While there were seemingly countless issues with the film's deviations from the book, the one thing Fennell excelled building was the film’s visual aesthetics. “Wuthering Heights”’s foray into camp and use of vibrant colors are commendable. Like her previous work on “Saltburn,” the film’s visuals and sets were enrapturing. Wuthering Heights and Thrushcross Grange were constructed in studios, and behind-the-scenes tours show the elaborate detail of each. The use of a modernized wardrobe was a bold yet successful choice that distinguished this adaptation from the rest. 

Fennell’s use of sex is also a positive. The novel was salacious and scandalous at the time of its release, and translating Heathcliff and Cathy’s raw obsession and desire into sex is a seamless modern interpretation. 

However, it's not nearly as lewd as it could have been. The opening scene sets up a movie that blurs the lines between death and sex, with a hanged man’s gasps laid over a black screen, sounding erotic, and his mid-mortem erection leading to a sexual frenzy among the onlookers. 
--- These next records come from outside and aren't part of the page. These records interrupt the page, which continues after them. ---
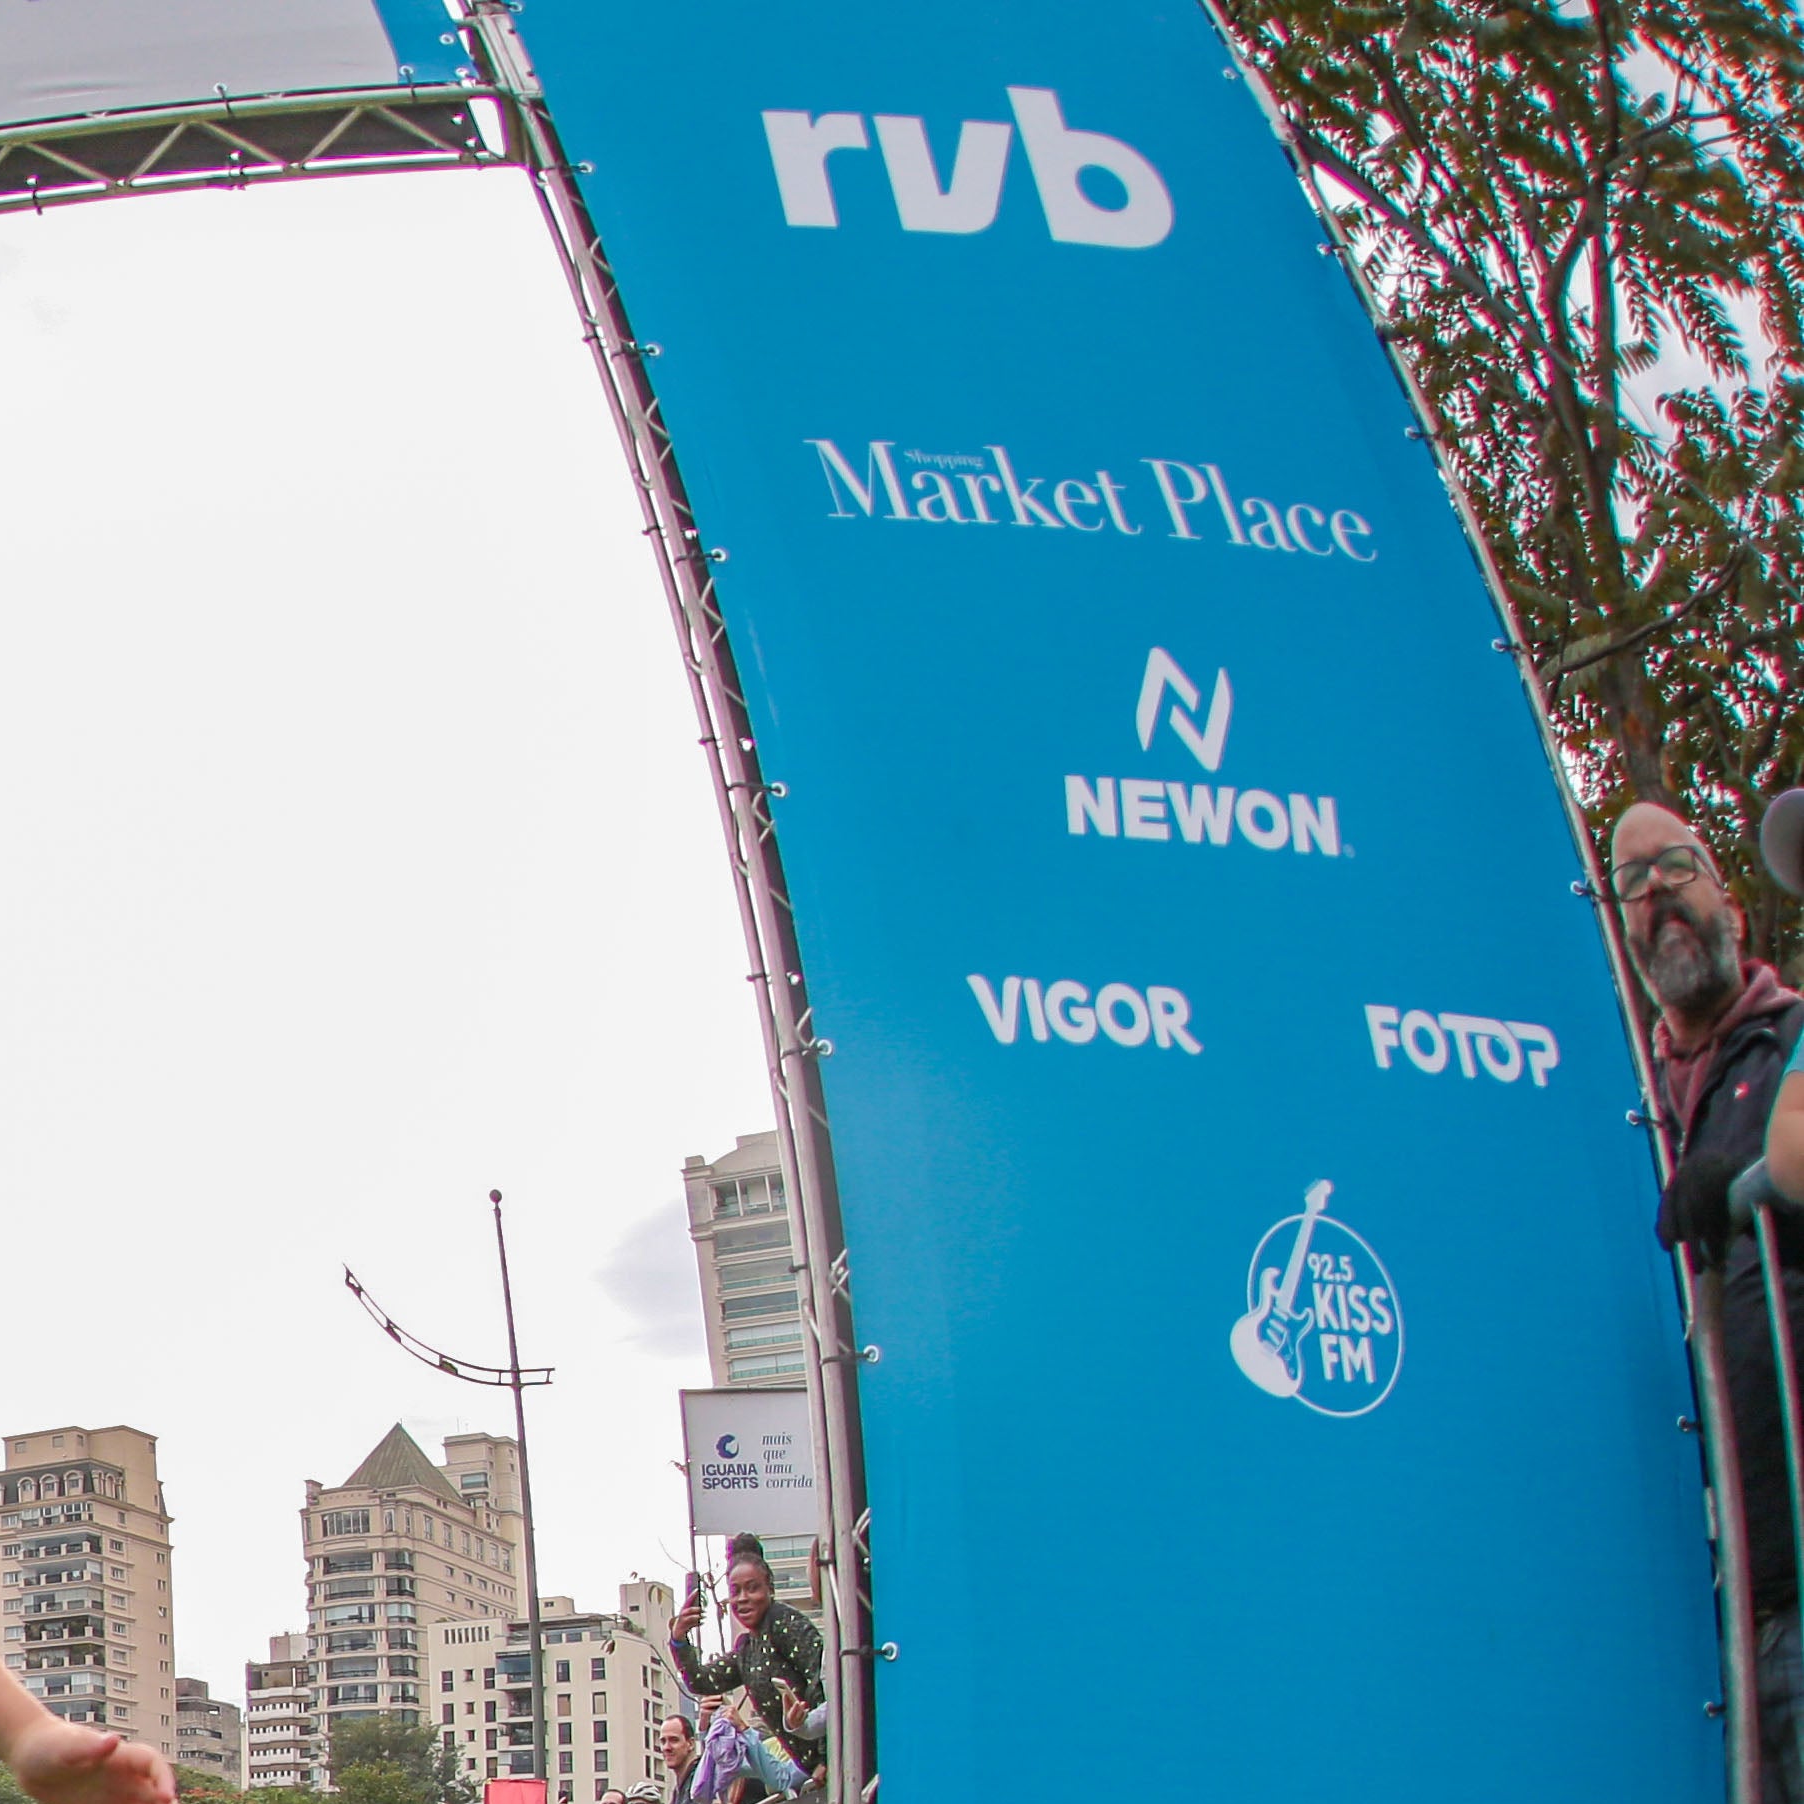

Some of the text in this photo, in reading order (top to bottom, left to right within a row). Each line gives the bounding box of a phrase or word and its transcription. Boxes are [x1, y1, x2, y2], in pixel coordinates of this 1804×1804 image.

[761, 86, 1174, 249] rvb
[803, 439, 1378, 562] Market Place
[1063, 774, 1341, 857] NEWON
[966, 973, 1203, 1054] VIGOR
[1307, 1252, 1354, 1282] 92.5
[1312, 1282, 1393, 1335] KISS
[1319, 1333, 1375, 1385] FM
[762, 1432, 792, 1446] mais
[702, 1463, 758, 1476] IGUANA
[763, 1449, 786, 1463] que
[765, 1464, 792, 1474] uma
[702, 1476, 759, 1490] SPORTS
[766, 1474, 813, 1489] corrida
Fennell told USA Today today that the scene “[sets] the tone for the rest of the movie … surprising and darkly funny … arousal and danger are kind of the same thing.” These early hopes for a darkly comedic take on the conflation of eroticism and peril are dashed as the affair between Cathy and Heathcliff is portrayed. The most indecent and unexpected thing they do to each other is place eggs under each other’s bedsheets as a prank. The scene that garnered the most gasps was one where Heathcliff elegantly lifts Cathy by her corset strings. Far more sexual deviance is shown in the servant Joseph and Zillah’s barely-visible sex scene, but there’s nothing really groundbreaking about some offscreen BDSM-lite.
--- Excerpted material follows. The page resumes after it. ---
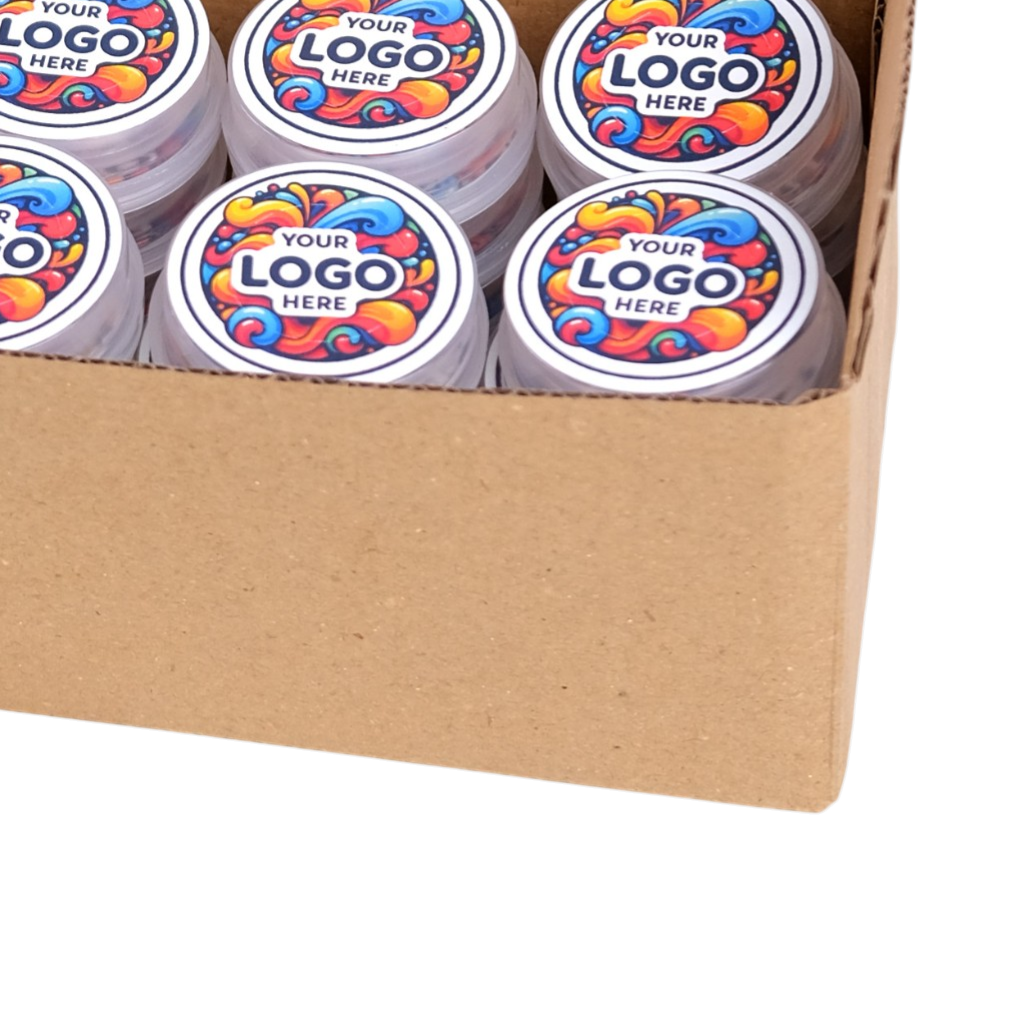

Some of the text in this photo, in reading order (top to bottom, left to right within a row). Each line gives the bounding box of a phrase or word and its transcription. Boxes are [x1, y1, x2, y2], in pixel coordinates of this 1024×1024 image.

What is left of the original story: barely anything. In order to appreciate the film, you must pretend it is not an adaptation. Most of Fennell’s narrative changes would be fine, maybe even great — if she were only able to supplement the story removed with one of equal value. 

What does the story that takes its place say? If viewers squint, they can make out a somewhat erotic mid-tier love story with beautiful visuals and middling lead performances. But what made Brontë’s “Wuthering Heights” interesting is that it was not solely a love story: The romantic relationships serve as a catalyst for revenge, a symptom of cyclical abuse, an exploration of codependency and a glimmer of hope against these.

Fennell’s “Wuthering Heights” isn’t solid in its own right. Adaptations are received well when the changes are made well, but here, the deviations from the book are misguided and serve no end. The result is a hollow, beautiful shell — another example of Fennell’s adept directing capabilities but bafflingly poor screenwriting. At least it gave us the hauntingly beautiful track “House.” Perhaps her next endeavor should be a Charli XCX music video.